Cajun Canoe LbNA # 6858
|Placed Date||Jan 3 2004|
|Location||Morgan City, LA|
|Last Edited||Dec 30 2015|
Terrain Difficulty: Easy (flat, 400 yards RT)
Status: reported missing (08/21/04)
Cajuns are the people who fled Acadia (Nova Scotia) in the 17th Century to settle in the bayous of southwestern Louisiana. To navigate the winding shallow swamps used as “roads” for both commerce and communication among themselves they used pirogues, or "Cajun canoes". The pirogue (pronounced 'pee-row') was first used in the year 1666. It is some what of a mystery how the pirogue got to Louisiana, but it has been there for centuries and became a part of the Cajun heritage. Originally the pirogue was called a dug-out, and made from large cypress logs, some measuring more than 12 feet in diameter. The cypress log was split down the middle, then the outside of the log was shaped to the builders liking using only an ax and an adz. After finishing the outside, it was turned over so that the insides could be "scooped" out with an adz and other chisels.
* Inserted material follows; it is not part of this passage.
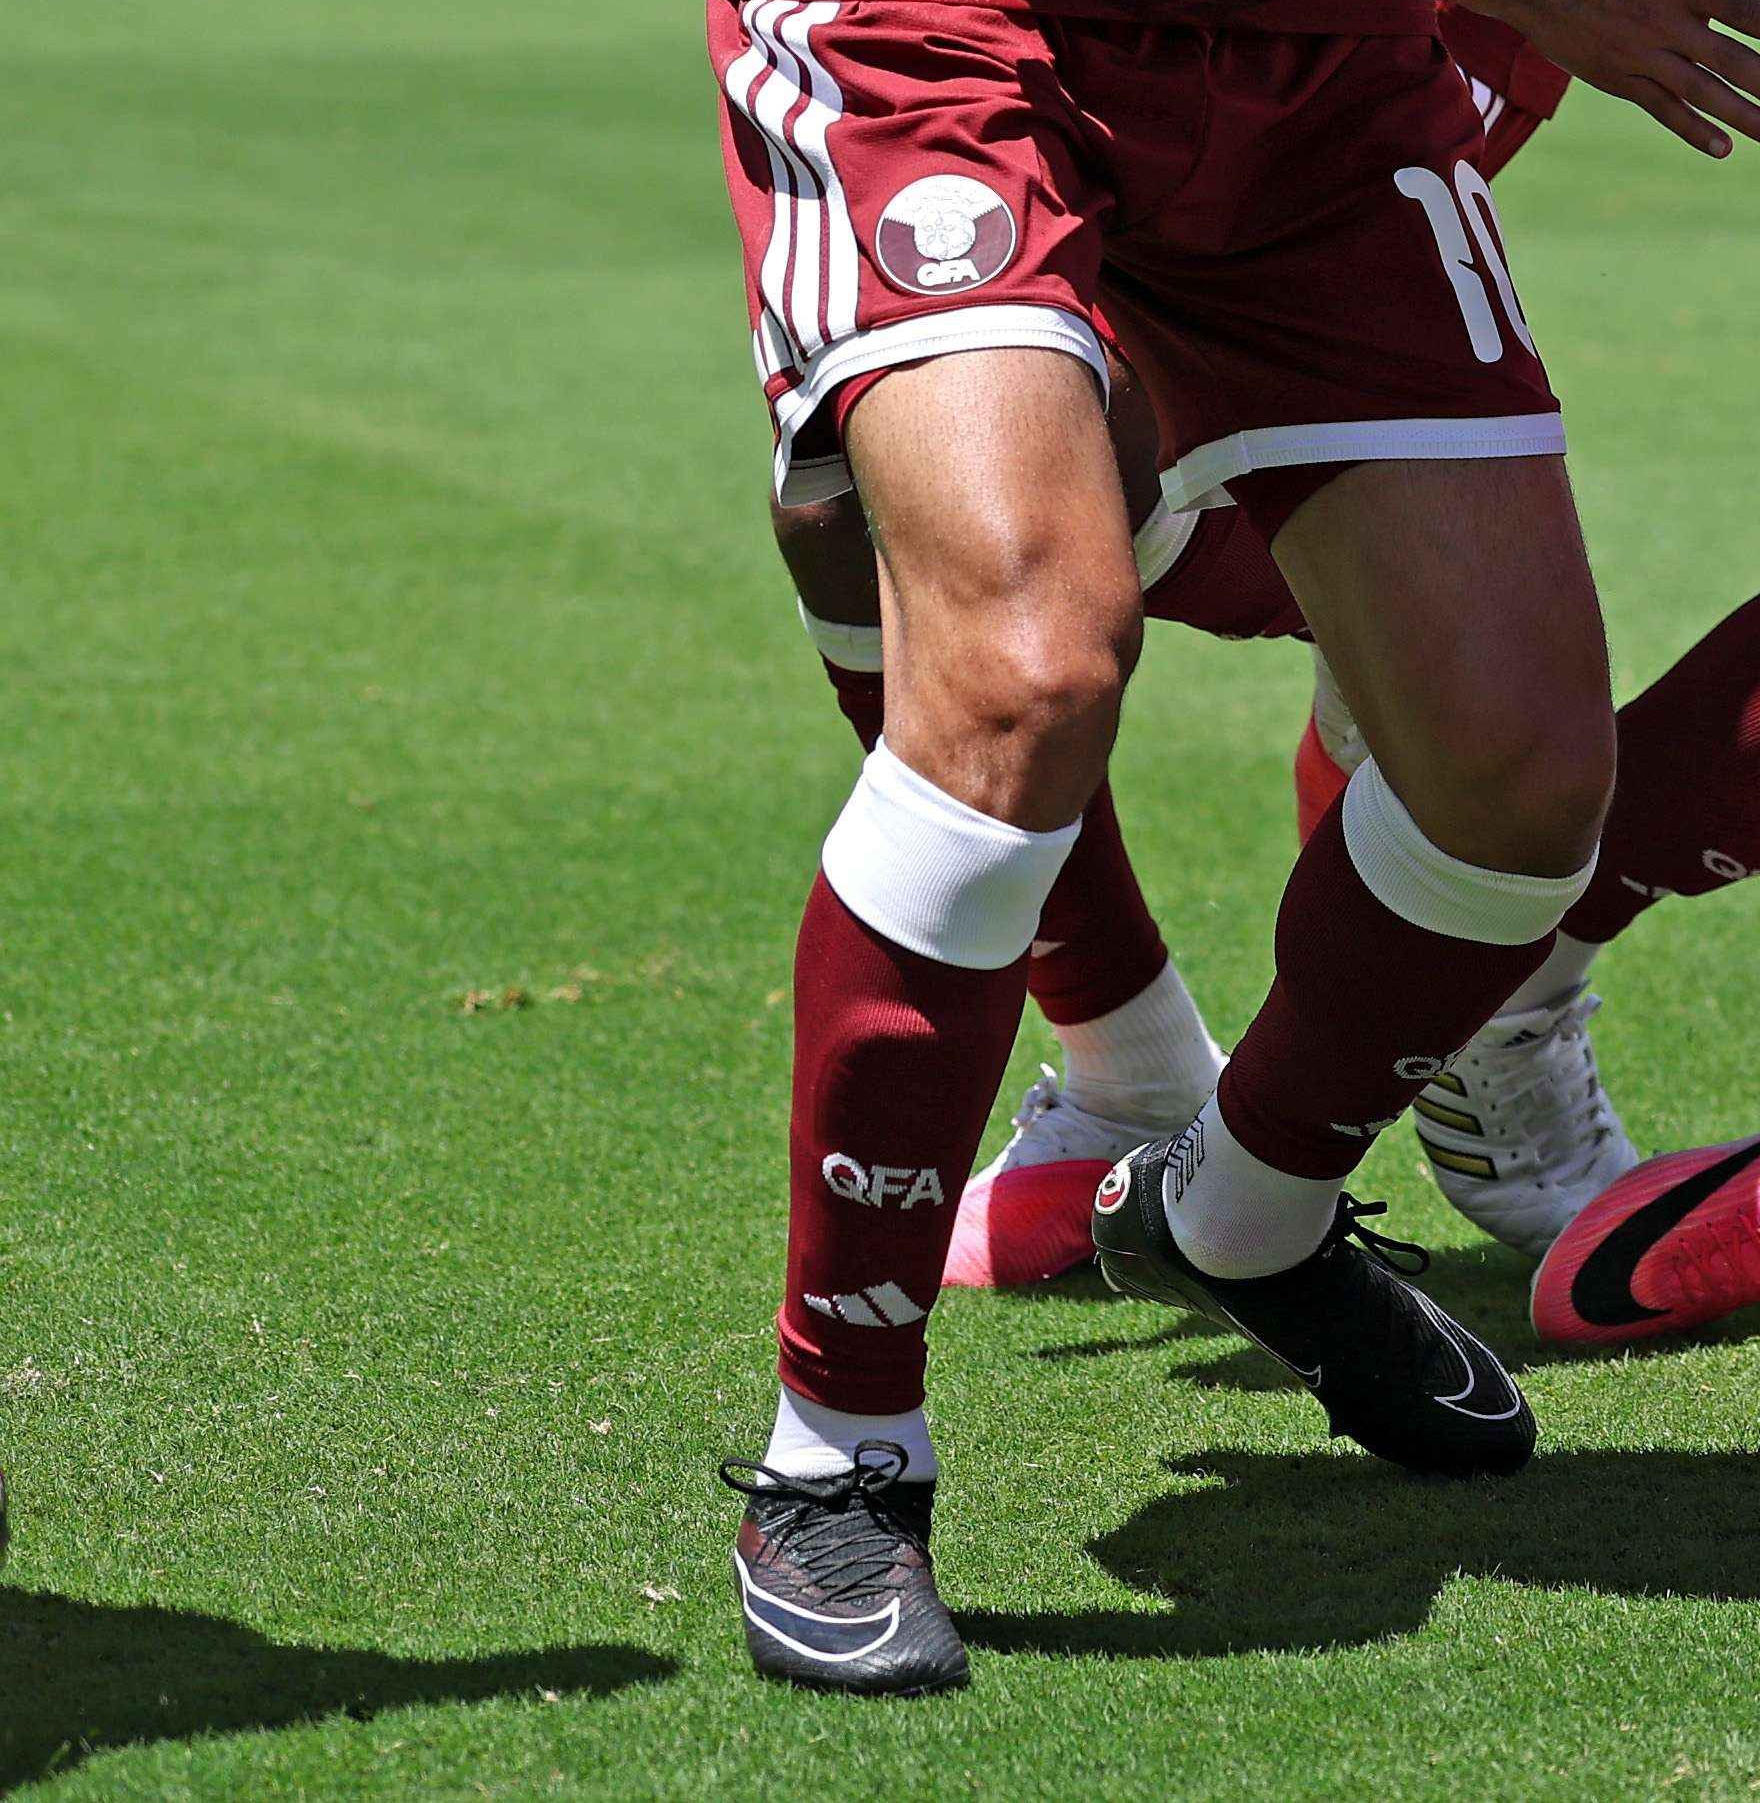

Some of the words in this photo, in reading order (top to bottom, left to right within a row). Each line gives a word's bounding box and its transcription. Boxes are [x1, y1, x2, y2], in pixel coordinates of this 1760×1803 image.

[916, 258, 982, 287] QFA
[1393, 159, 1537, 363] 10
[822, 1152, 944, 1210] QFA
In addition to this microbox you might get to see a real pirogue at Lake End Park, located on the beautiful banks of Lake Palourde. Amenities in the park include barbecue pits, picnic areas, bathhouse, laundry room, marina, a boat launch, a sand beach, one mile walking trail and canoe rentals.
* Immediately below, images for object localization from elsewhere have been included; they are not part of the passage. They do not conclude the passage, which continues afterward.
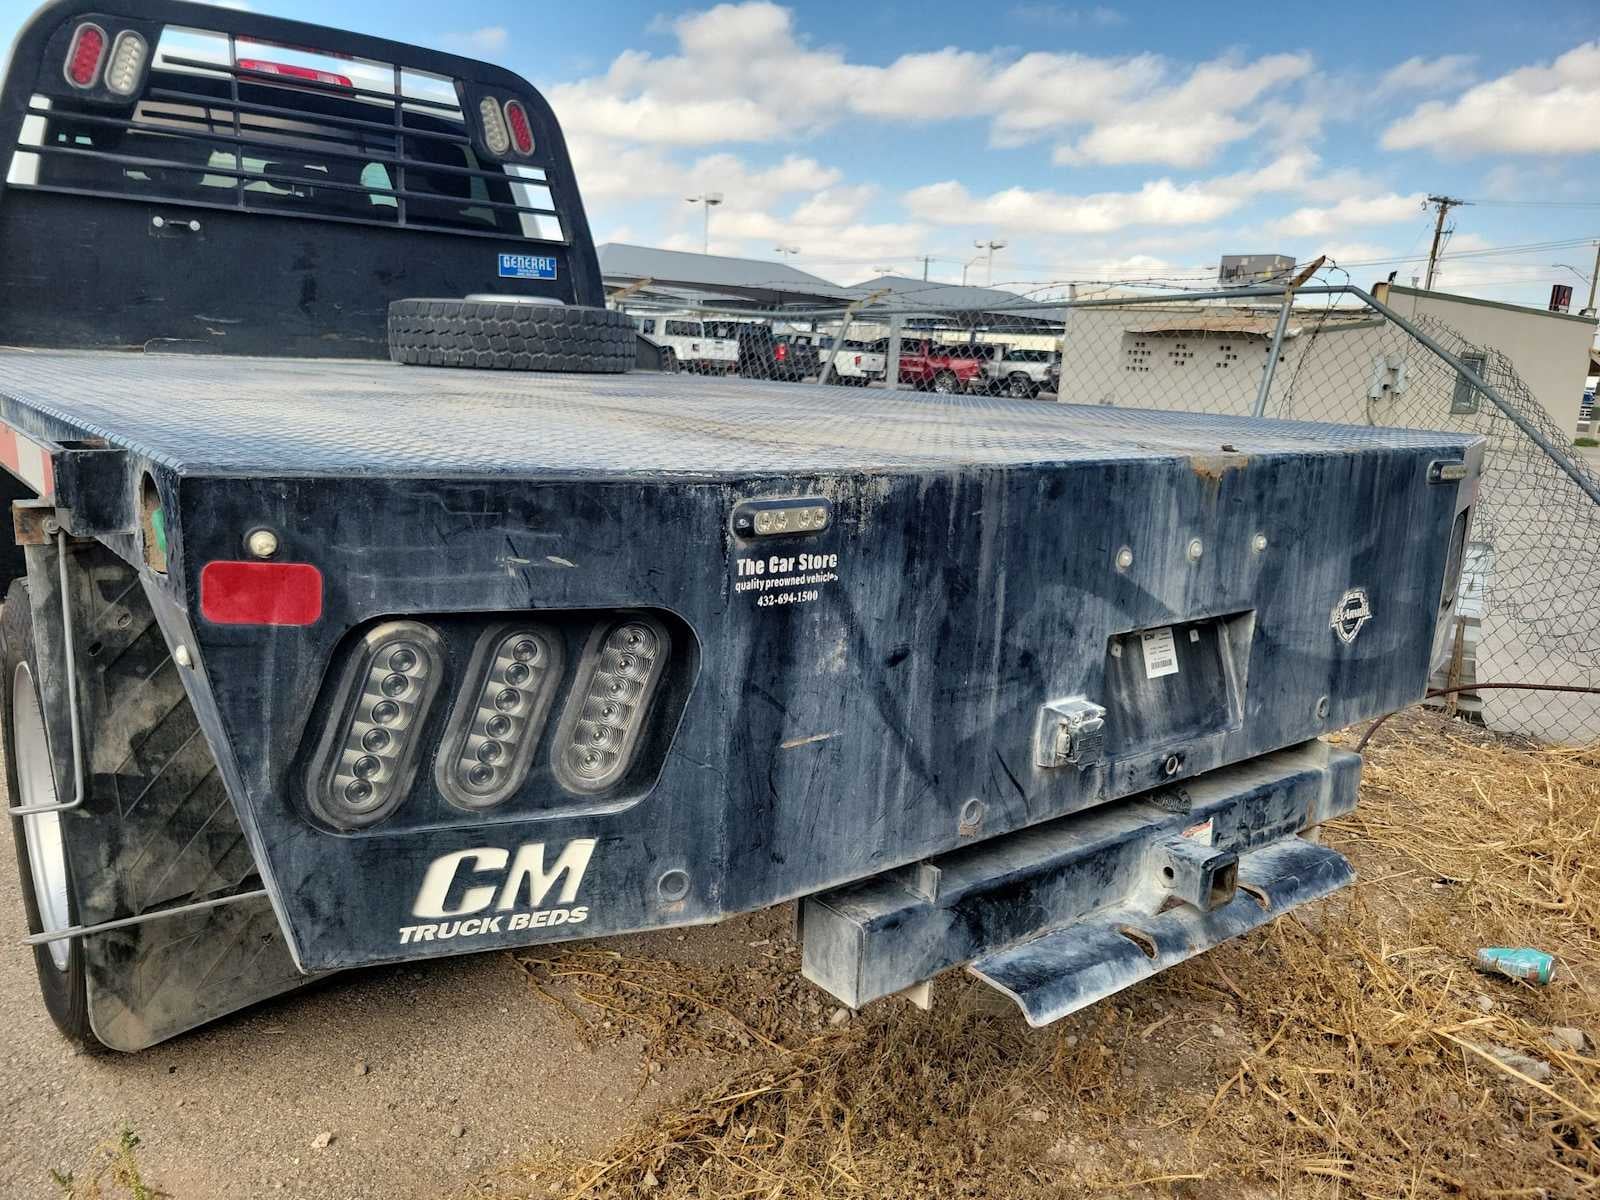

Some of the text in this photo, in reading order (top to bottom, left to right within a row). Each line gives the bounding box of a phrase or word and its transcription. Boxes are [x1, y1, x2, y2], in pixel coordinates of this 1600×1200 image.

[503, 255, 552, 271] GENERAL
[737, 553, 838, 576] The Car Store
[735, 577, 765, 593] quality
[765, 573, 806, 591] preowned
[757, 590, 818, 607] 432-694-1500
[412, 838, 598, 918] CM
[399, 906, 589, 945] TRUCK BEDS
Morgan City is about 70 miles southwest of New Orleans via Hwy 90. To get to Lake End Park, exit Brashear Ave., turn right on Hwy 70 and the park will be on the right. At entrance station turn left, then right at the playground and park by the Cajun Concession Stand and restrooms.
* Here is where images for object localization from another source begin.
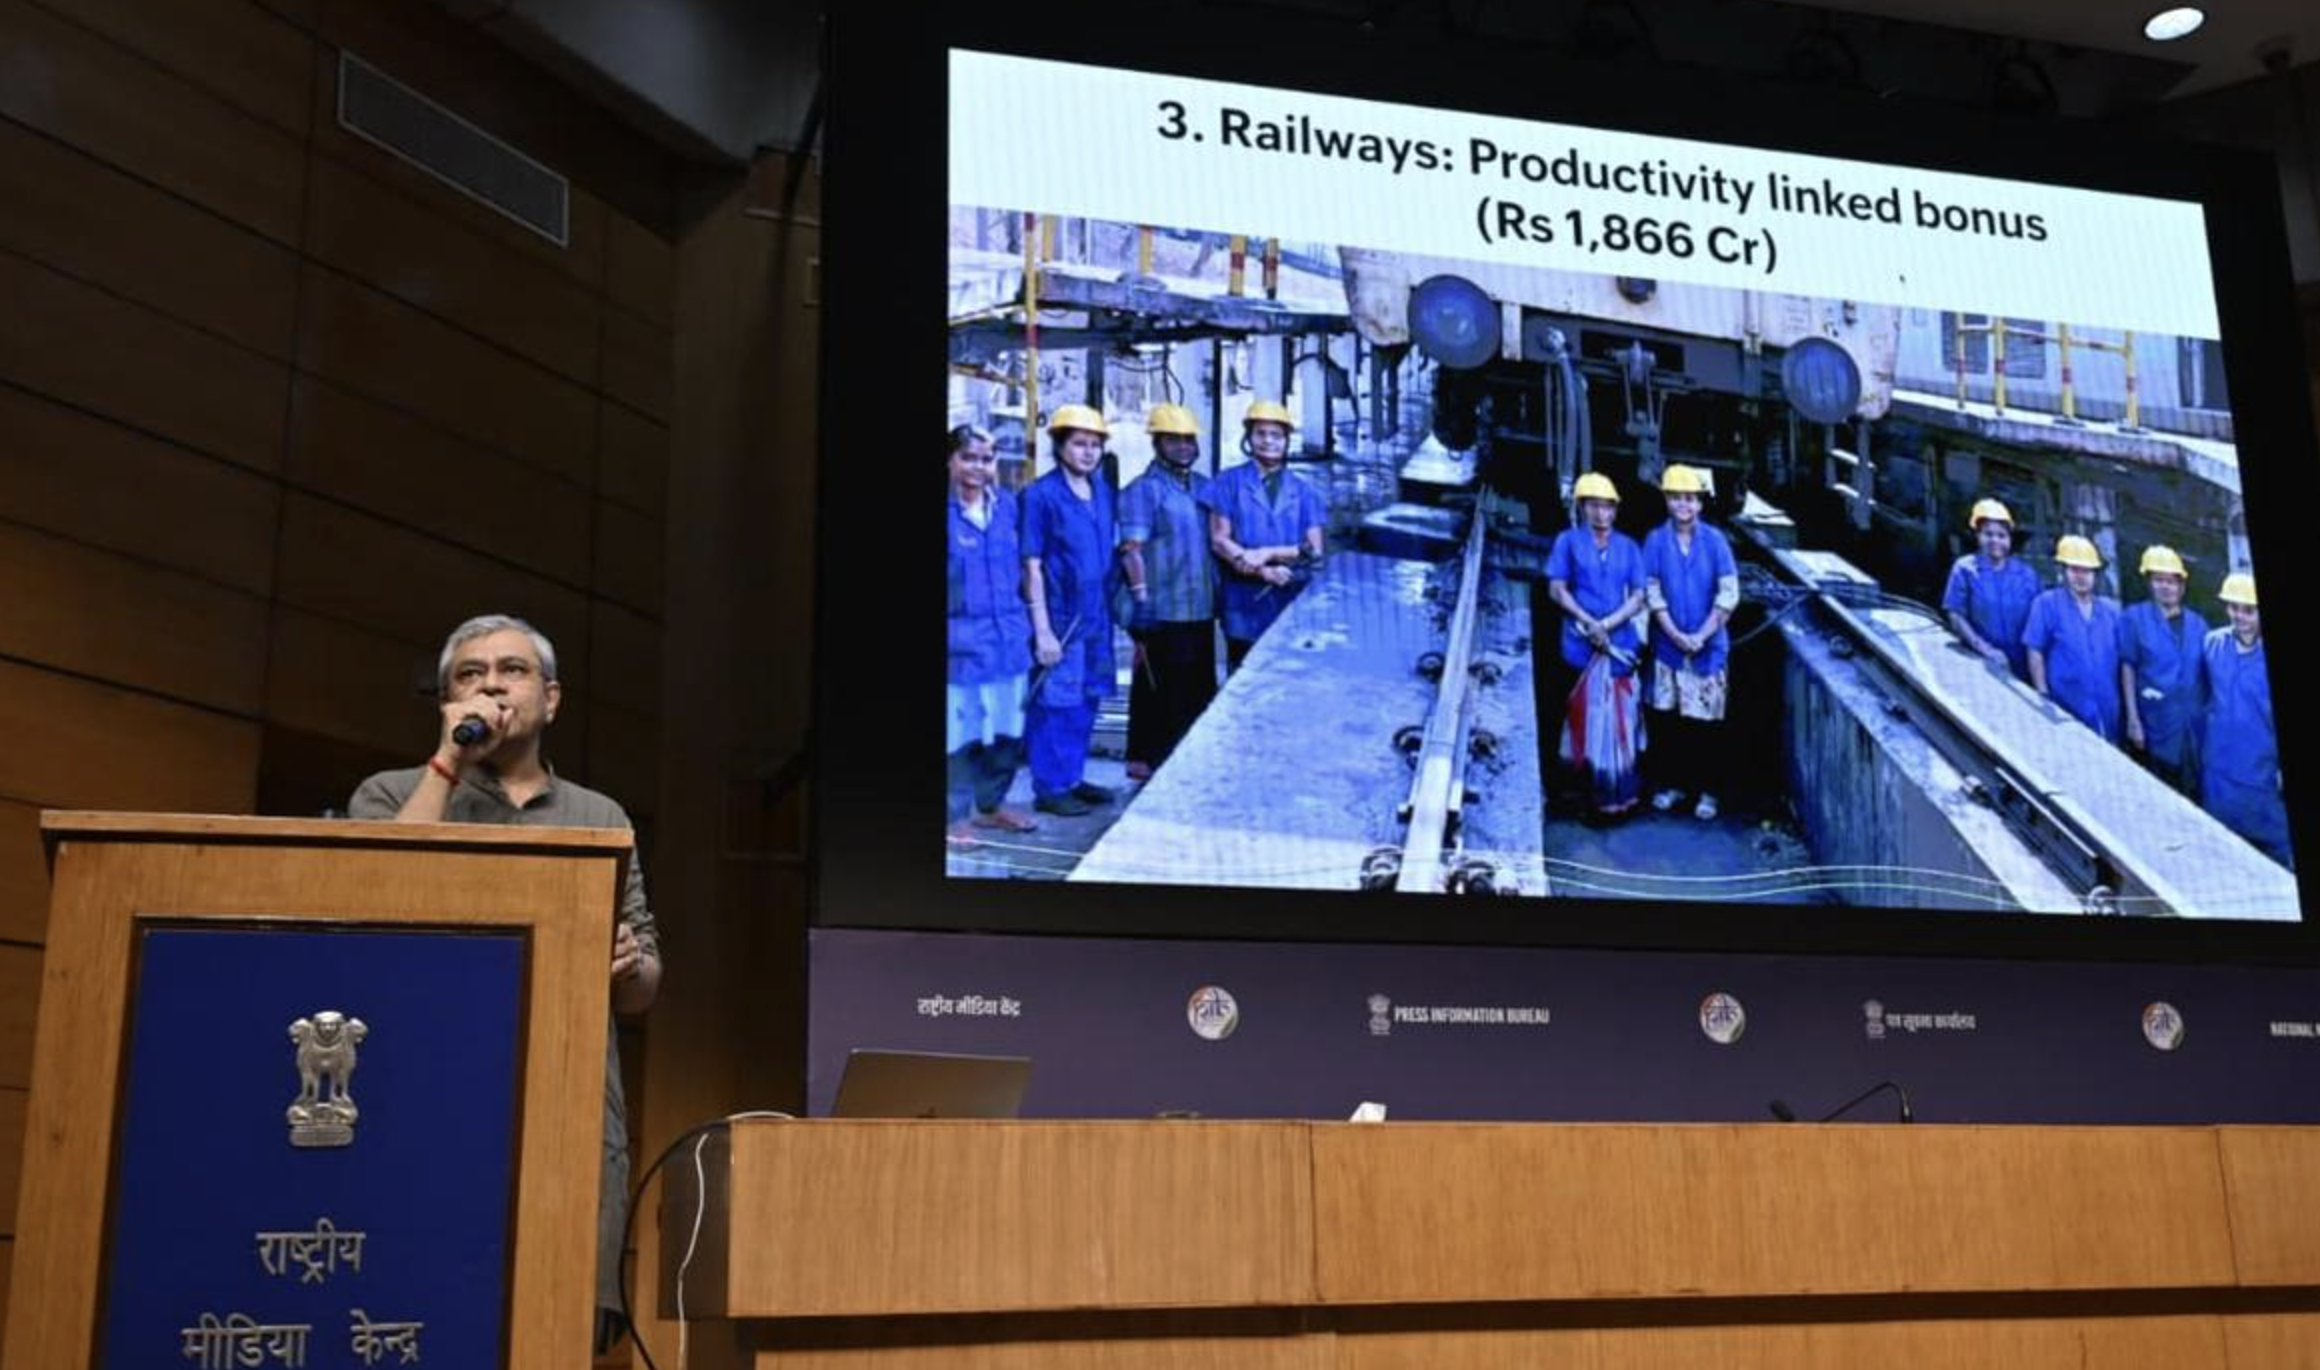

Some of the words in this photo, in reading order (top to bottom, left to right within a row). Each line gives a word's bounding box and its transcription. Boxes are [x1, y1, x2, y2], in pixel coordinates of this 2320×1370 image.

[1158, 101, 1203, 142] 3.
[1221, 107, 1453, 174] Railways:
[1470, 138, 1753, 215] Productivity
[1768, 173, 1901, 225] linked
[1915, 190, 2047, 241] bonus
[1477, 197, 1554, 243] (Rs
[1566, 211, 1694, 258] 1,866
[1708, 226, 1776, 273] Cr)
[1395, 1006, 1429, 1023] PRESS
[1431, 1007, 1504, 1023] INFORMATION
[1507, 1009, 1549, 1024] BUREAU
[256, 1217, 366, 1283] राष्ट्रीय
[181, 1312, 312, 1369] मीडिया
[350, 1309, 423, 1364] केन्द्र
Walk south on the asphalt path following the lake on your left for about 125 yards, passing the marina on your left and the RV campground on your right. Turn left (south) and walk down a gravel road for about 75 yards, passing a pumping station on your right and arriving at a boat launch and dock. Facing the dock, look behind you among the debris piled up along the lake for a large cement cylinder and a smaller culvert behind it with a hole. Walk to the left side of the small culvert, walk into it and face the 1958 inscribed in its face above the hole. Look over the left side of the culvert to find the microbox hidden under several bricks. Please re-cover well.